В картине В. Сурикова «Меншиков в Березове» (1883) зрителя пронизывает колоссальное напряжение, исходящее от крупной личности, внешний вид жизненной катастрофы в контрасте с противодействием несмирившегося духа. Несомненно, что в картине схвачен миг, побуждающий изображенное состояние к развитию. Пожалуй, в этом и коренится сила произведения: зрителя поражает не апогей самого события как «детонатора» эмоциональности, сколько тлеющая энергия следа этого события, разворачивающаяся в собственных нарастающих фазах. Вовлеченность в интенсивную медитацию тем сильнее, чем больше в картине молчания, подразумеваемого и невыразимого содержания. При условии, конечно, что это молчание порождает такое богатство противоречивых состояний, которое невозможно свести к известным понятиям, передать словами. Очевидно, такого рода «общее чувство», в котором растворены детали, и сообщает главную краску художественному впечатлению. Эмоциональность полотна нагнетается таким образом, что главное действие свершается в невидимом. Художник изобрел косвенные приемы, дающие толчок домысливанию, центр интенсивности переживания переселяется во внутренний мир зрителя. Пожалуй, неуспокоенность и притягательность такого рода «ауратической памяти» играет решающую роль в том, хотим ли мы вновь пережить встречу с произведением.

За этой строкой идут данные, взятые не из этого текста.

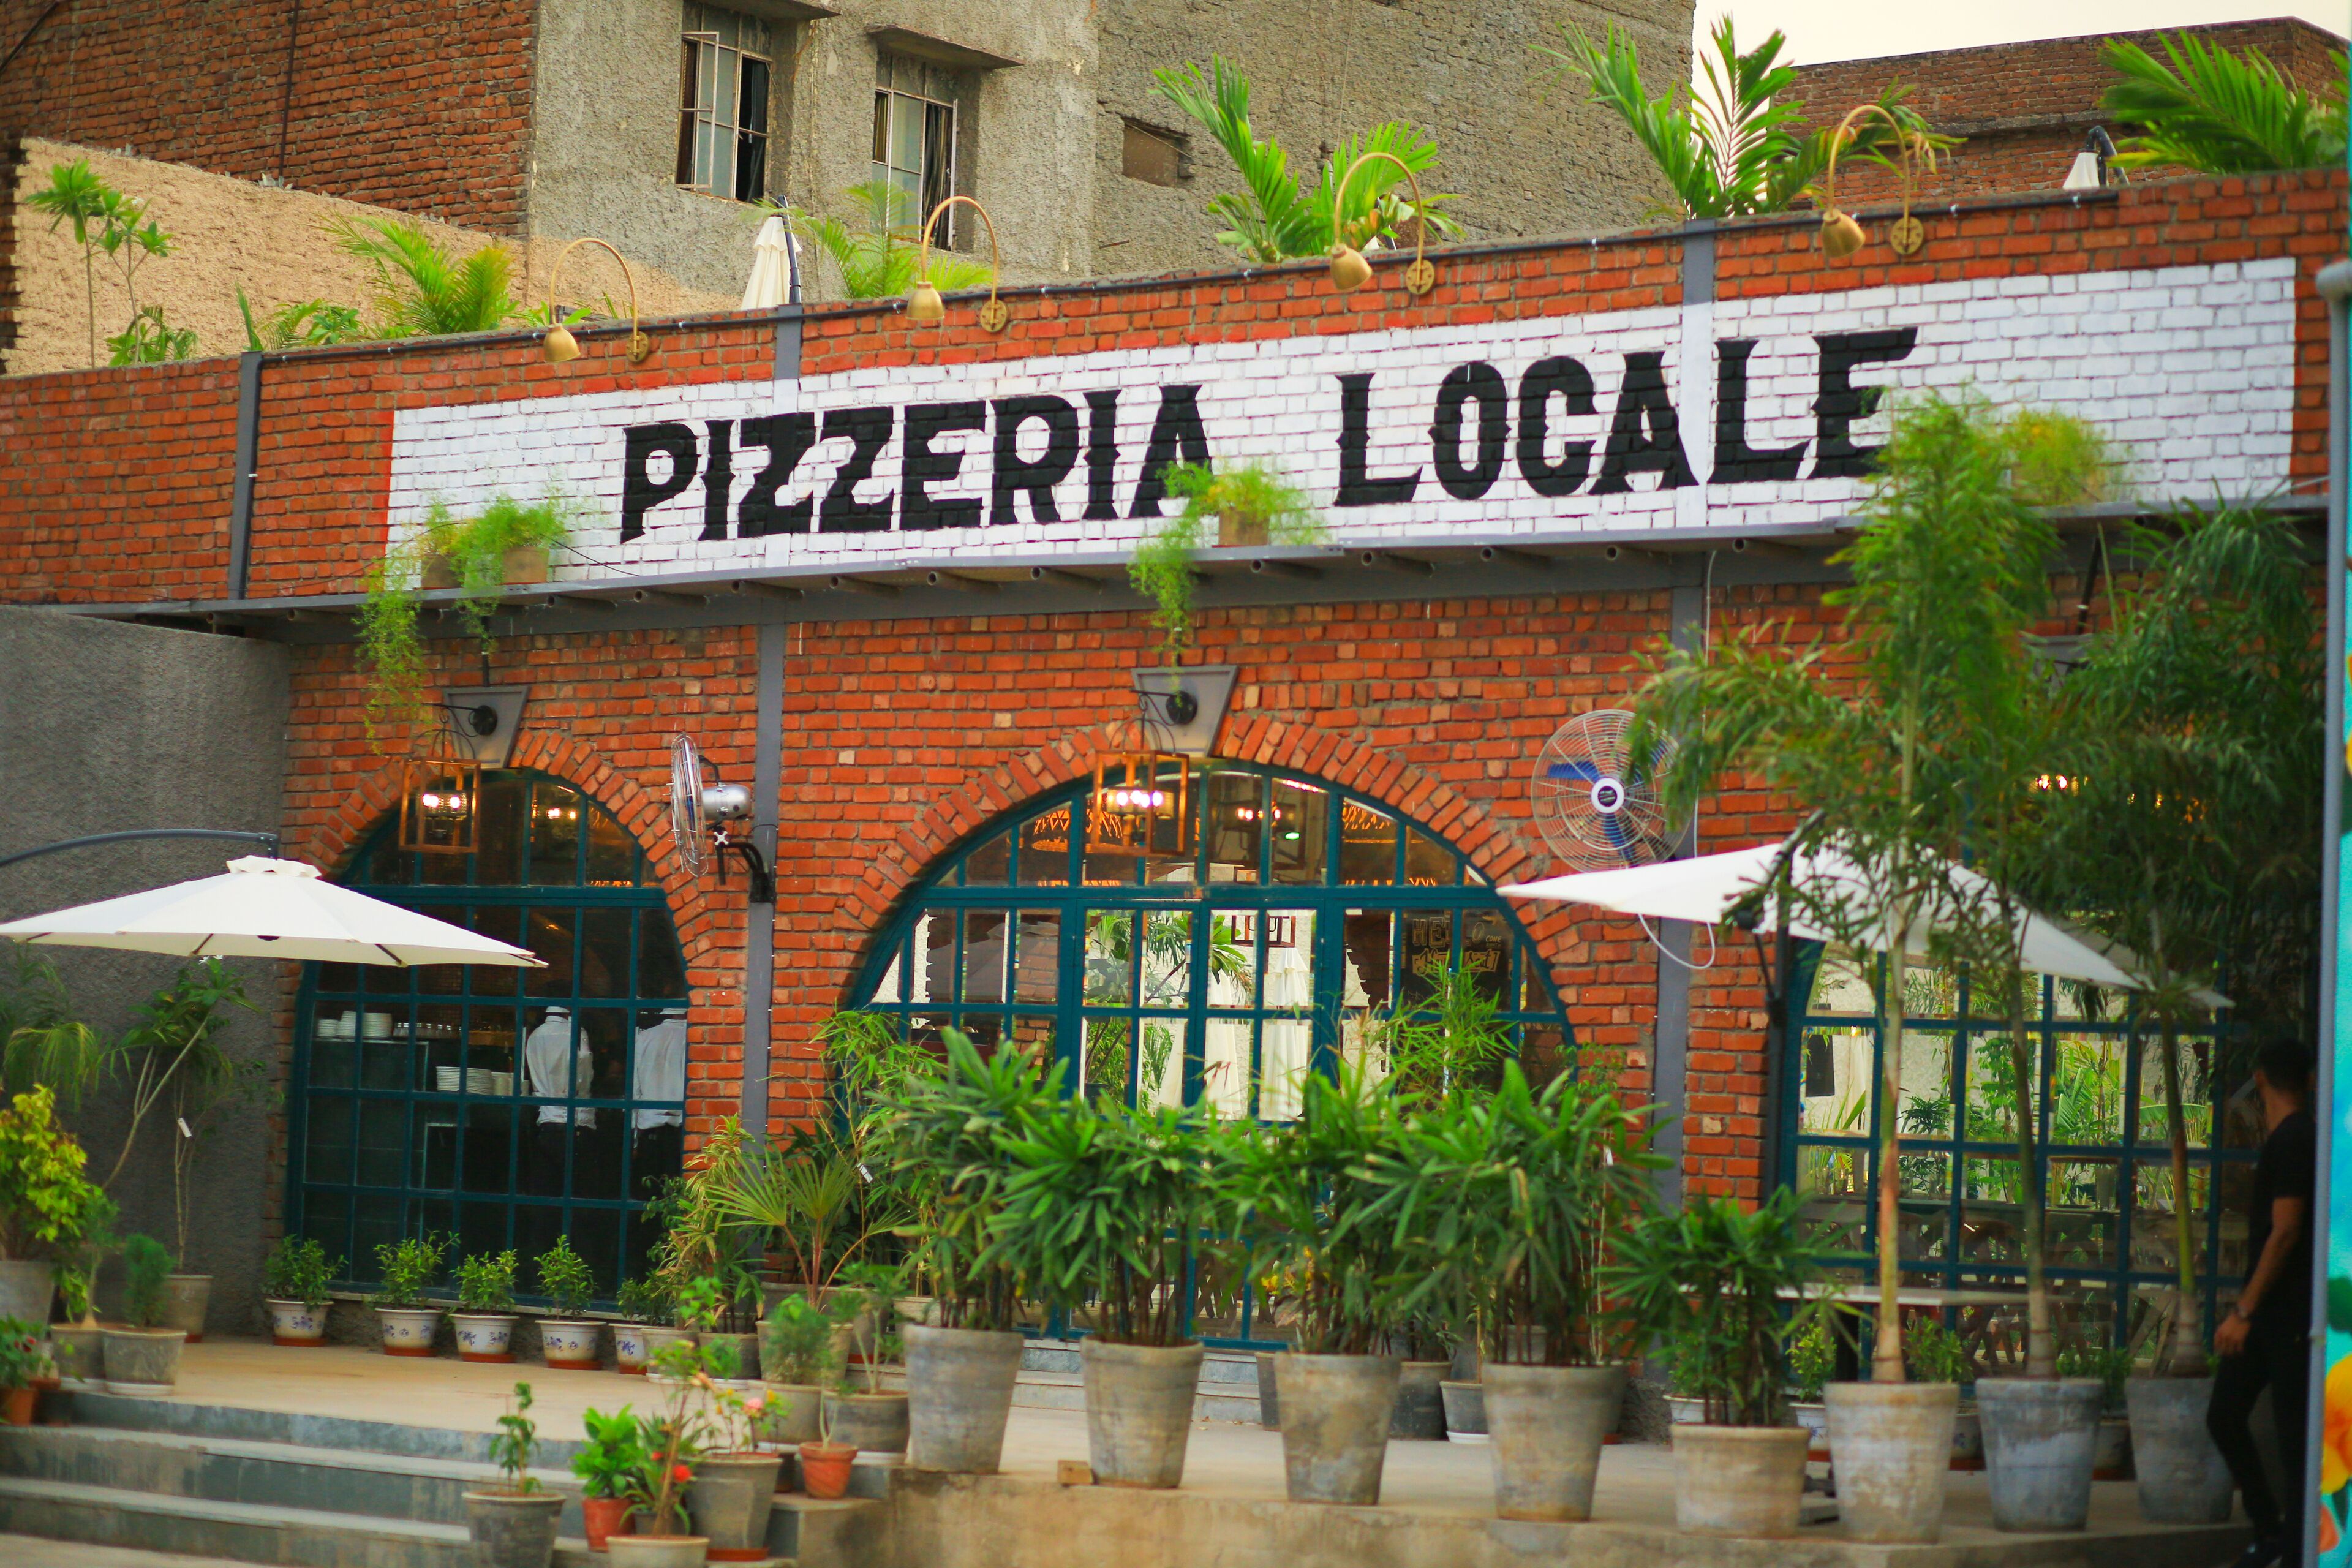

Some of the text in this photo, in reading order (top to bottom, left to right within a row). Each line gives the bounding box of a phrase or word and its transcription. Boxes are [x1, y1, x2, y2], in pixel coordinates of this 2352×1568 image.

При этом, по-видимому, обычное эмоциональное воздействие искусства не тождественно ауратическому. Ведь эмоциональный удар может быть сродни «гормональной вспышке», как, например, это описано у Г. Гессе. Один из персонажей его романа «Степной волк» музыкант Пабло восклицает: «Если я держу в голове все произведения Баха и Гайдна и могу сказать о них самые умные вещи, то от этого нет еще никому никакой пользы. А если я возьму свою трубу и сыграю модное шимми, то это шимми, хорошее ли, плохое ли, все равно доставит людям радость, ударит им в ноги и в кровь»[6]. Однако сама по себе эмоциональная вспышка, произведенная художественным текстом и не влекущая за собой следа, моментально забывается. Таковы, к примеру, большинство картин новейшего искусства, ориентированные на самоцельный эпатаж разными способами, бьющие на инстинкт, вызывающие почти физиологическую реакцию.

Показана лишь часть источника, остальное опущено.